I thought about being broken.  I have been broken as if I were smashed, stepped on and swept up and discarded.  That is how broken I have felt with my loss.  I am so broken that I feel like I walk around as a whole person, that has been glued back together and repainted, only to have the surface scratched daily to reveal my brokenness.  The only thing that helps is the knowledge that I still have a purpose, that I will see my daughter again, and that I do not walk this road alone.

Today is 14 months since the loss of my daughter.  It honestly is like a blink of an eye.  When I need a few minute mental reprieves, I think about how she could be studying abroad or on a mission trip.  I guess she is, there’s just no way to text or track her on her GPS like find my iPhone.   I know that I will carry her with me every day and in all things I do. I know that most people that have lost someone close to them, like a child or a spouse, feel the same way.

Yesterday I listened to my pastor take about the miracle of feeding the 5,000 with 5 loves of bread and 2 pickled herrings.   To feed the masses he broke the bread.  It was only broken bread that was blessed and used to feed 5,000 men and their wives and children. We discussed in our group, how in history and in the bible, how broken people were always the people that went on to do extraordinary things.   I don’t blame God for my brokenness, I know we live in a broken world.   I do believe that he takes broken things, blesses them, and uses them for so much more than we can imagine.

Below is a song shared in our group about the story of feeding the masses and being broken.


Broken Boots

Going through my daughter’s things I ran into the issues of her boots.   They were her prized possessions.  She loved her Doc Martins and her Timberlines. The problem was no one in our family wore that size and I didn’t want to just give them away.   I decided to make planters out of them for her closest family and friends.   I started with the boots with the broken sole.

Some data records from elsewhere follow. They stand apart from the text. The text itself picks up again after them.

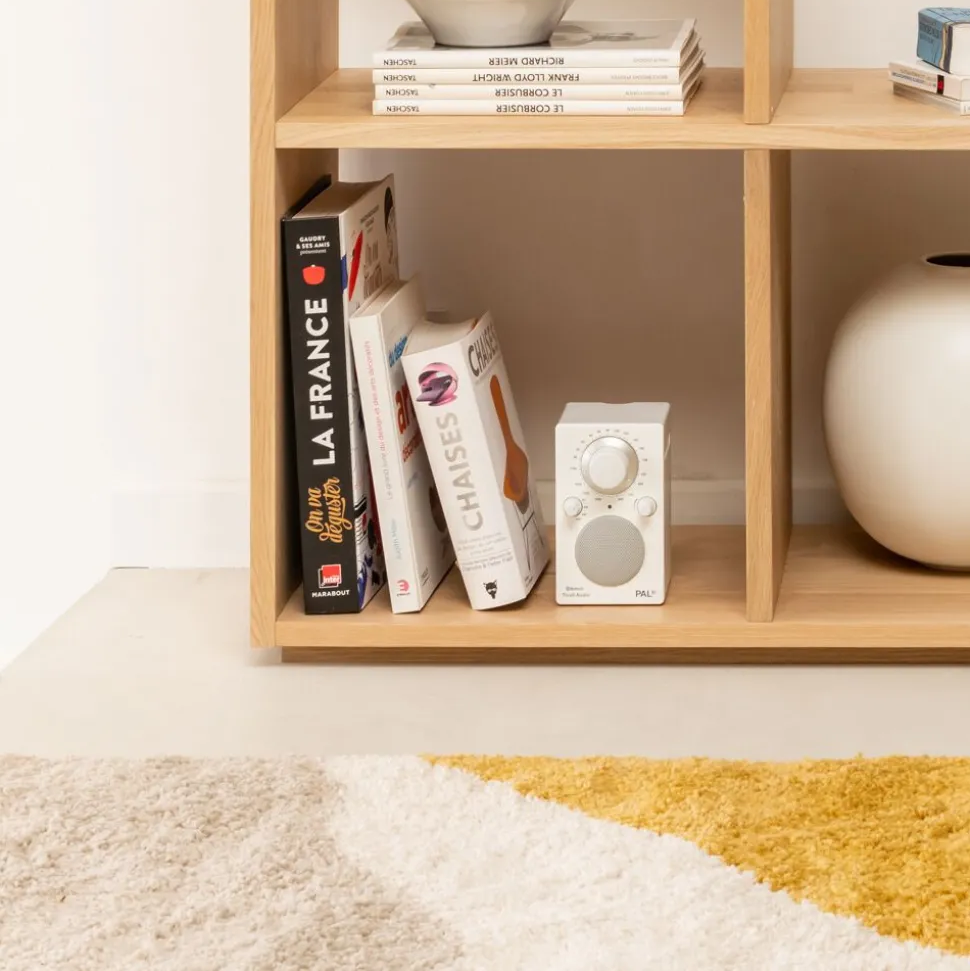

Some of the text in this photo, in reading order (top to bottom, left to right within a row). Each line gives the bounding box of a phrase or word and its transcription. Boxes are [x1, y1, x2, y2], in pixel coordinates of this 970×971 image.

[488, 57, 565, 66] RICHARD MEIER
[472, 73, 580, 82] FRANK LLOYD WRIGHT
[494, 88, 563, 97] LE CORBUSIER
[495, 104, 564, 113] LE CORBUSIER
[304, 298, 336, 465] LA FRANCE
[436, 412, 484, 531] CHAISES
[305, 487, 324, 532] On va
[311, 589, 350, 598] MARABOUT
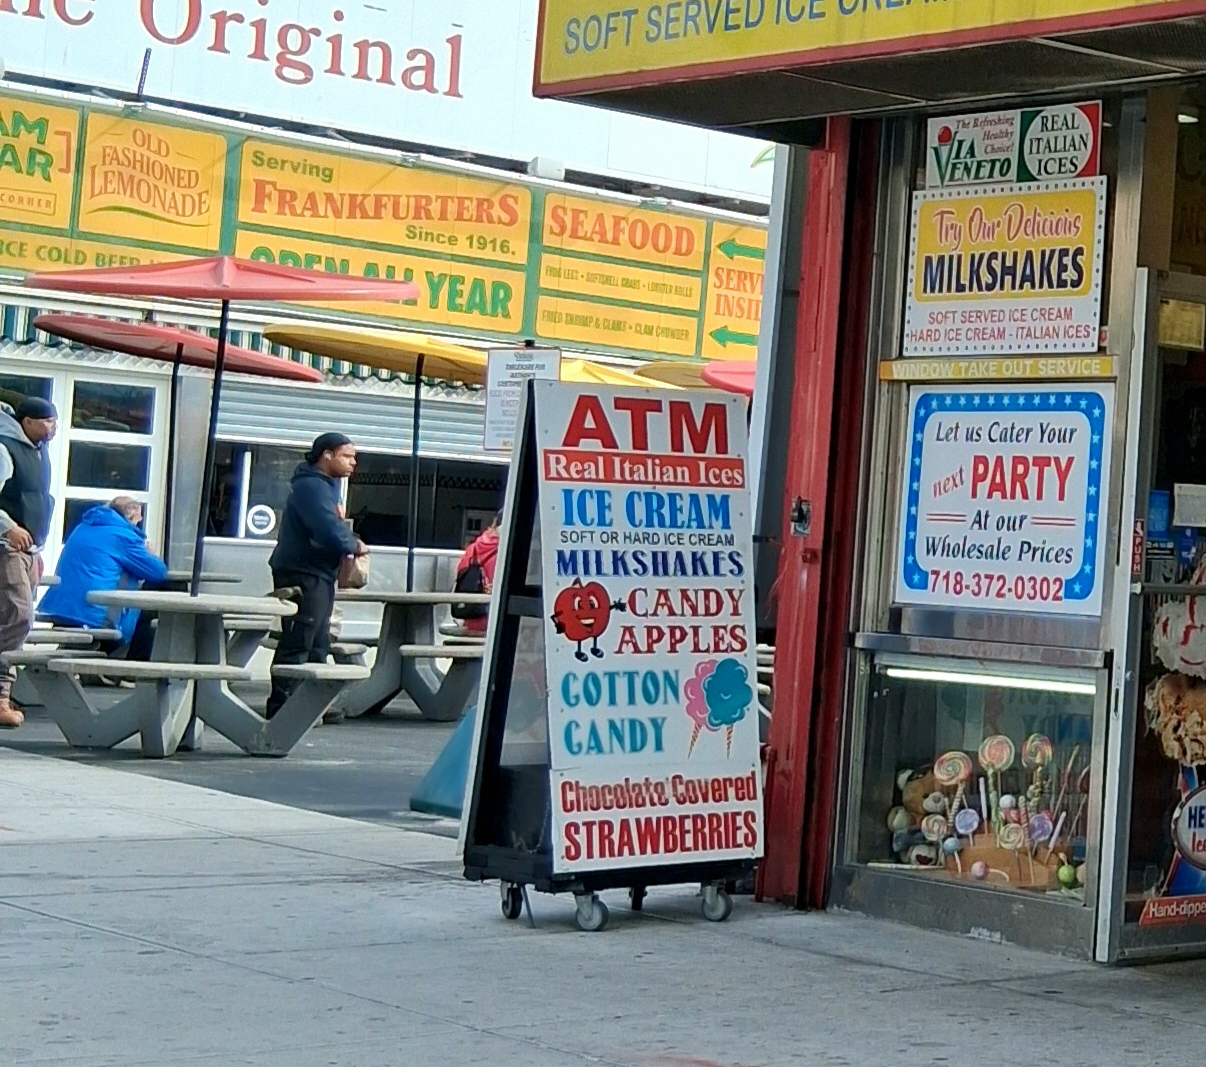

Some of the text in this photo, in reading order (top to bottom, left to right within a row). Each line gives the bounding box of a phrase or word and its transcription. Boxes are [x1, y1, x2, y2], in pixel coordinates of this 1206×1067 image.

[564, 8, 638, 57] SOFT
[955, 119, 971, 130] The
[982, 131, 1014, 141] Healthy
[1040, 113, 1080, 132] REAL
[131, 128, 171, 159] OLD
[1029, 133, 1090, 155] ITALIAN
[101, 145, 199, 190] FASHIONED
[251, 150, 334, 183] Serving
[1036, 156, 1079, 176] ICES
[89, 163, 210, 219] LEMONADE
[251, 178, 519, 227] FRANKFURTERS
[405, 224, 516, 256] Since 1916.
[550, 204, 696, 257] SEAFOOD
[933, 203, 1082, 251] Try Our Delicious
[35, 245, 88, 266] COLD
[922, 247, 1085, 294] MILKSHAKES
[425, 271, 512, 319] YEAR
[928, 307, 1073, 325] SOFT SERVED ICE CREAM
[910, 324, 1091, 342] HARD ICE CREAM ITALIAN ICES
[892, 359, 1101, 379] WINDOW TAKE OUT SERVICE
[562, 394, 729, 455] ATM
[935, 421, 1077, 444] Let us Cater Your
[547, 453, 744, 486] Real Italian Ices
[932, 454, 1075, 502] next PARTY
[562, 488, 732, 530] ICE CREAM
[969, 509, 1028, 532] At our
[560, 531, 735, 546] SOFT OR HARD ICE CREAM
[925, 535, 1074, 565] Wholesale Prices
[1133, 537, 1142, 572] PUSH
[556, 550, 745, 577] MILKSHAKES
[930, 570, 1064, 602] 718-372-0302
[627, 588, 746, 618] CANDY
[614, 624, 748, 655] APPLES
[561, 669, 681, 708] COTTON
[563, 717, 668, 755] CANDY
[561, 771, 757, 813] Chocolate Covered
[564, 810, 757, 861] STRAWBERRIES
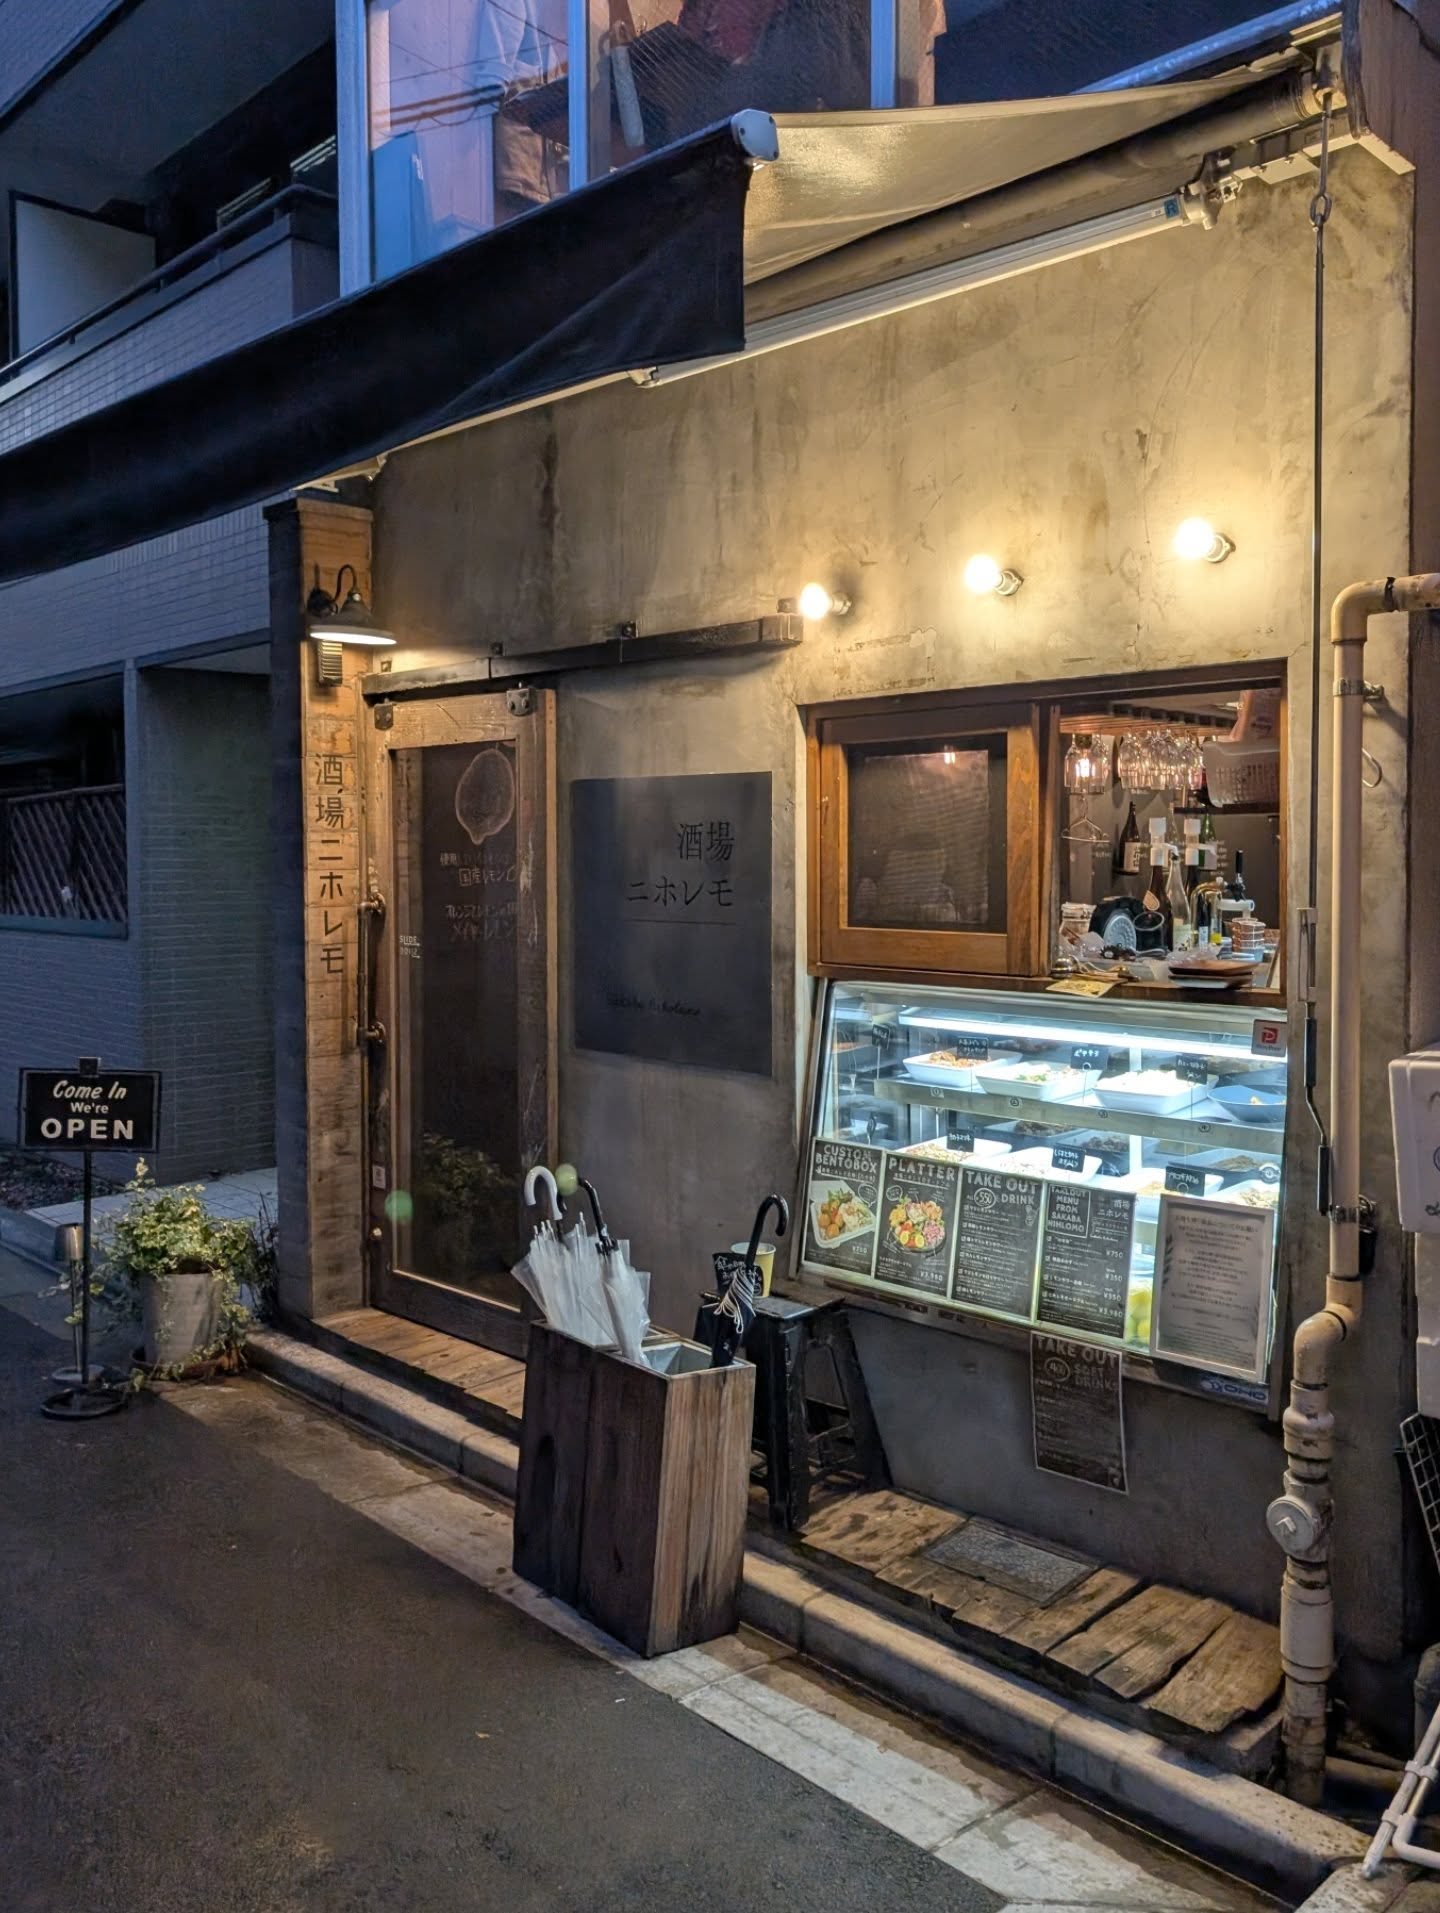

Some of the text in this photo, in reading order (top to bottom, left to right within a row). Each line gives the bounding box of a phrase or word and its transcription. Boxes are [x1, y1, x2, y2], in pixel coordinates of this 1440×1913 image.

[677, 821, 735, 862] 酒場
[314, 753, 345, 975] 酒場ニホレモ
[626, 875, 735, 908] ニホレモ
[53, 1080, 127, 1099] Come In
[70, 1102, 109, 1114] We're
[40, 1118, 134, 1140] OPEN
[816, 1152, 877, 1174] BENTOBOX
[888, 1157, 955, 1182] PLATTER
[965, 1170, 1002, 1189] TAKE
[1006, 1177, 1039, 1195] OUT
[1001, 1193, 1035, 1205] DRINK
[1055, 1203, 1078, 1214] FROM
[1056, 1195, 1080, 1206] MENU
[1051, 1212, 1082, 1223] SAKABA
[1034, 1335, 1118, 1369] TAKE OUT
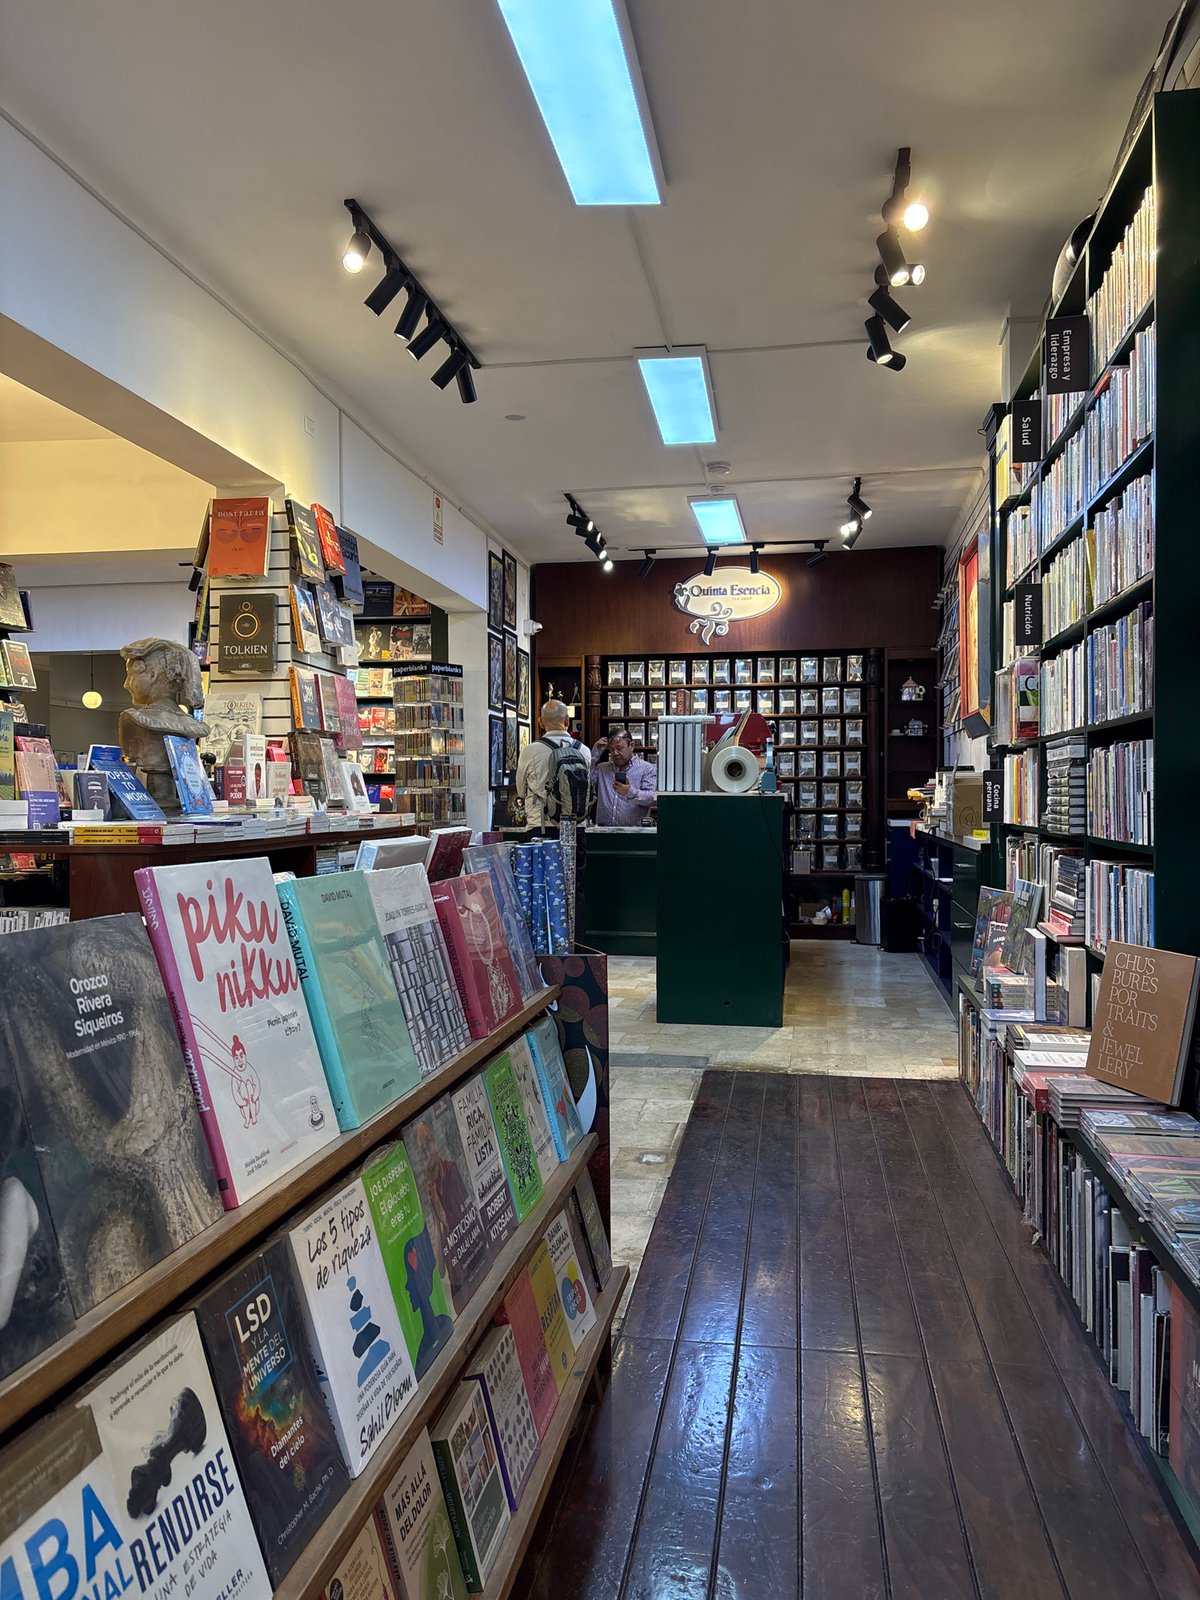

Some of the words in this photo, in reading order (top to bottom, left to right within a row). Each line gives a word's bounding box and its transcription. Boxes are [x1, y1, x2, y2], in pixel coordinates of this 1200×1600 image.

[1048, 333, 1060, 380] liderazgo
[1061, 329, 1072, 373] Empresa
[1021, 416, 1032, 446] Salud
[690, 584, 727, 597] Quinta
[730, 584, 770, 596] Esencia
[1024, 594, 1033, 635] Nutrición
[223, 644, 268, 655] TOLKIEN
[394, 664, 428, 675] paperblanks
[431, 664, 462, 674] paperblanks
[223, 700, 255, 710] TOLKIEN
[108, 770, 135, 781] OPEN
[121, 781, 135, 791] TO
[123, 791, 152, 801] WORK
[985, 781, 993, 812] peruana
[993, 784, 1001, 809] Cocina
[320, 892, 337, 903] DAVID
[336, 889, 353, 900] MUTAL
[177, 877, 278, 982] piku
[280, 901, 298, 940] DAVID
[290, 939, 309, 984] MUTAL
[216, 943, 299, 1013] nikku
[1115, 952, 1156, 974] CHUS
[69, 974, 108, 995] Orozco
[1108, 986, 1138, 1008] POR
[76, 993, 112, 1015] Rivera
[281, 1010, 298, 1025] japonés
[1107, 1003, 1158, 1031] TRAITS
[74, 1011, 124, 1037] Siqueiros
[1102, 1020, 1115, 1037] &
[66, 1044, 95, 1060] Modernidad
[94, 1042, 101, 1050] en
[1096, 1053, 1134, 1079] LERY
[1099, 1037, 1144, 1065] JEWEL
[457, 1085, 483, 1116] FAMILIA
[466, 1106, 486, 1131] RICA,
[466, 1119, 492, 1152] FAMILIA
[474, 1139, 494, 1167] LISTA
[369, 1183, 382, 1202] JOE
[382, 1160, 408, 1187] DISPENZA
[379, 1199, 388, 1216] El
[387, 1183, 410, 1211] placebo
[486, 1188, 507, 1219] ROBERT
[307, 1232, 328, 1263] Los
[328, 1217, 338, 1245] 5
[340, 1200, 365, 1238] tipos
[390, 1210, 404, 1228] eres
[446, 1207, 476, 1250] MISTICISMO
[469, 1225, 481, 1244] LAMA
[489, 1205, 514, 1241] KIYOSAKI
[547, 1221, 563, 1241] DANIEL
[316, 1264, 329, 1290] de
[332, 1225, 371, 1275] riqueza
[234, 1292, 272, 1344] LSD
[250, 1339, 257, 1349] Y
[258, 1328, 270, 1344] LA
[243, 1345, 269, 1377] MENTE
[268, 1332, 285, 1352] DEL
[248, 1346, 286, 1391] UNIVERSO
[110, 1386, 130, 1404] Destruye
[129, 1380, 134, 1388] el
[134, 1372, 143, 1384] mito
[143, 1368, 149, 1376] de
[148, 1364, 154, 1372] la
[153, 1344, 178, 1369] meritocracia
[112, 1397, 131, 1417] aprende
[134, 1379, 153, 1399] renunciar
[156, 1370, 161, 1378] lo
[161, 1364, 169, 1375] que
[168, 1360, 173, 1368] te
[357, 1392, 365, 1404] UNA
[364, 1371, 381, 1395] PODEROSA
[388, 1352, 397, 1367] PARA
[356, 1402, 370, 1421] DISEÑAR
[373, 1386, 382, 1400] VIDA
[381, 1379, 386, 1390] DE
[360, 1402, 385, 1457] Sahil
[384, 1375, 413, 1421] Bloom
[270, 1417, 304, 1458] Diamantes
[279, 1456, 290, 1470] del
[290, 1434, 305, 1456] cielo
[393, 1493, 411, 1522] MÁS
[410, 1459, 428, 1493] ALLÁ
[129, 1448, 236, 1594] RENDIRSE
[277, 1508, 304, 1545] Christopher
[400, 1521, 413, 1542] DEL
[412, 1482, 432, 1523] DOLOR
[0, 1483, 124, 1600] BA
[183, 1508, 233, 1575] ESTRATEGIA
[154, 1573, 178, 1600] UNA
[185, 1576, 197, 1598] DE
[199, 1550, 219, 1579] VIDA

To make these planters I took a pair of boots that were no longer going to be worn.  These had a large tear in the bottom.  I took out the inside lining and then drilled a few drainage holes in the bottom.  I spayed the outside of the shoe with waterproofing spray and filled with a seasonal plant.  You can keep inside the plastic container or fill the boot with potting soil.  I attached a laminated memorial tag to one and cardstock message to another.  You can cover the cardstock in clear tape to waterproof it also.












Watching Heartbreak

When you watch your child’s heart get broken into a million tiny pieces it makes you wish you could do anything for them to take that pain away.

Maybe middle children just learn to be more empathetic, I’m not sure, but my middle daughter has always loved with all her heart.

I’ve watched her forgive unforgivable unkind acts done to her by the same people she’s forgiven many times. I’ve watched her help her sister through the darkest hours when no one else would. I’ve watched her play her best games and never get one compliment and never say a word. I’ve seen her entire team leave and her stand in one place.
Yes, all the platitudes are possibly true: young love never lasts, it will make her stronger, you will meet someone else in college and so on.
But no one knows her heart like I do, and to see it crushed, crushes me.

How do you teach to love again, when she swears she won’t? How do you teach to trust again? When the person you love, says they love you and the next minute they move on? She asks these questions with her tears, without asking them aloud.

Today is my anniversary, and my hope is that she sees in my relationship what love can be. We’ve battled through every possible trial you can imagine and we love each other more today than the day we were married. I want her to see it as a possibility and believe. I hold her and hope she also sees that unconditional love we have for her. Knowing we would do anything for her and take her heartache as our own if we could. That is love.